Она вышла, не в силах сдержать свою радость и благоговение, и не слушала, что еще говорил худощавый врач про приборы и капельницу, она верила, что дело не в этих врачах и приборах, они лишь выполняют, сами того не ведая, волю свыше.

В коридоре она попросила, чтобы ей разрешили позвонить мужу, и, захлебываясь, как самому близкому и родному человеку, стала рассказывать ему про младенчика, путаясь в словах и перебивая саму себя, перескакивая с одного на другое и благодаря его за то, что он стоял утром под ее окнами. Она не помнила себя от волнения и хотела, чтобы и он понял, что их страдания не были напрасными, но муж молчал.

— Неужели ты не рад? — спросила она с досадой.

— Рад. Тут твоя мама. Позвать ее?

— Не надо. Потом.

— Спасибо, что позвонила, — сказал он тихо и повесил трубку, и, как несколько месяцев назад, она остро пожалела о своей откровенности.

Но если бы в эту минуту она могла его видеть, то его лицо поразило бы ее. Оно выражало безмерное отчаяние и отвращение к самому себе.

— Сволочь, — пробормотал он, — какая же я сволочь! Господи, как Ты такое только допускаешь.

Он подошел к окну, прижался к холодному стеклу и услыхал гудок и шум электрички, уносившейся в сторону роддома, посмотрел вниз, где два случайных фонаря освещали свежий снег, выпавший прошлой ночью, открыл окно и несколько минут стоял неподвижно и жадно дышал морозным воздухом.

Затем взял вчерашнюю бутылку с остатками коньяка и плеснул в рюмку.

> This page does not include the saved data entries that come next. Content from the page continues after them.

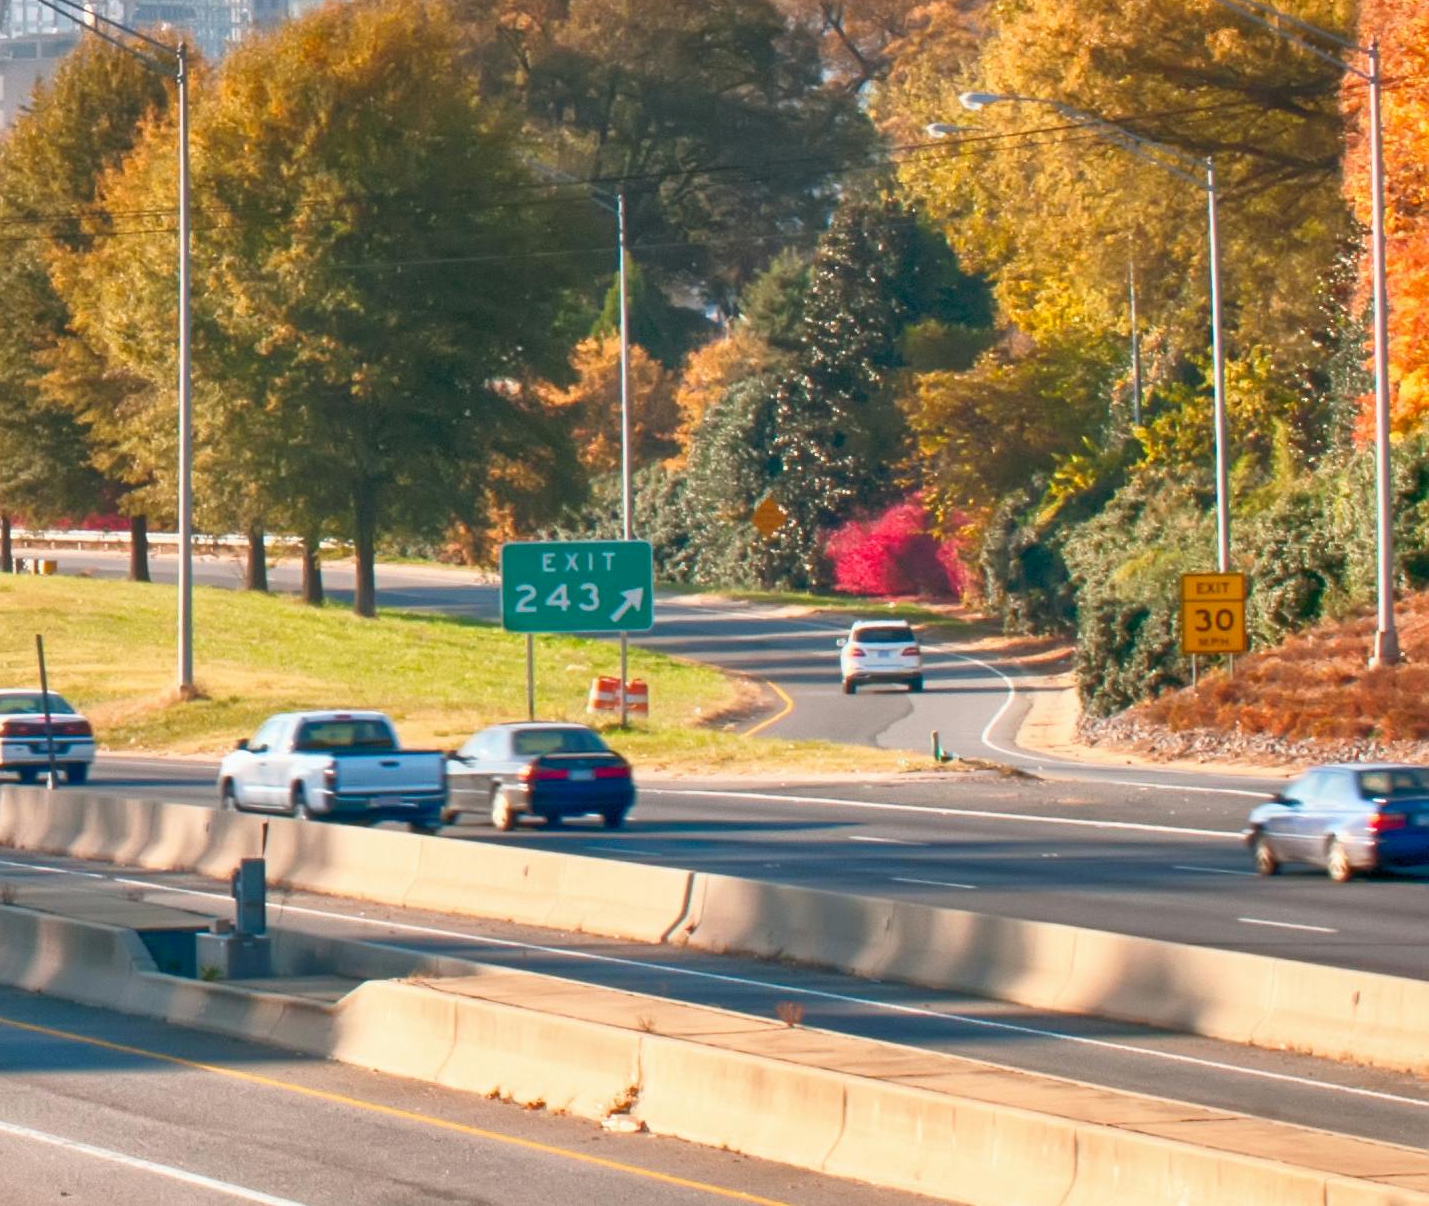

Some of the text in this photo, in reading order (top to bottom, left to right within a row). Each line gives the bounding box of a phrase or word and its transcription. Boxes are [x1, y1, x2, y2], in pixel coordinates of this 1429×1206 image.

[542, 552, 616, 572] EXIT
[514, 582, 600, 613] 243
[1196, 581, 1230, 594] EXIT
[1195, 609, 1234, 632] 30
[1198, 637, 1229, 646] MPH

На часах было без четверти двенадцать. Этот бесконечный изматывающий день кончался, и мужчина подумал, что сегодня — день рождения его сына. Что бы ни было, у него родился сын, и этого уже никто не отнимет. Этот день рождения мог стать единственным и последним, но пока что он был, и он выпил глоток коньяка, упал на колени перед распахнутым темным окном и жадно зашептал:

— Господи, накажи меня как угодно, возьми, сколько Тебе надо, лет моей жизни, возьми мое здоровье, силы, возьми ту избушку — возьми все, только пусть он живет.

Часть третья

1

На третьи сутки угроза жизни младенца миновала, однако эти дни дались ему нелегко. В его организме все время шла отчаянная борьба между антибиотиками и вирусами, его лихорадило и трясло, из полутора килограммов он потерял почти пятую часть, но сыпь исчезла, левое легкое раскрылось и дышать ему стало легче. Он больше не нуждался ни в капельнице, ни в подаче распыленного кислорода, уменьшились отеки, и два дня спустя его перевезли из реанимации в специальное отделение по выхаживанию недоношенных детей, располагавшееся в маленькой двухэтажной постройке в пяти минутах езды от роддома. В тот же день женщину выписали домой. Она вышла, ступая немного неуверенно, неуклюжая в своей тяжелой шубе, с постаревшим лицом и морщинами под глазами, в черном пуховом платке, резко оттенявшем ее бледность, и зарыдала — но не облегчающими сладкими слезами, а тяжелыми, глухими, полными отчаяния и ужаса. Случилось то, что она и в кошмарном сне побоялась бы увидеть: она вышла из роддома без ребенка на руках, воровато пряча глаза, точно преступница.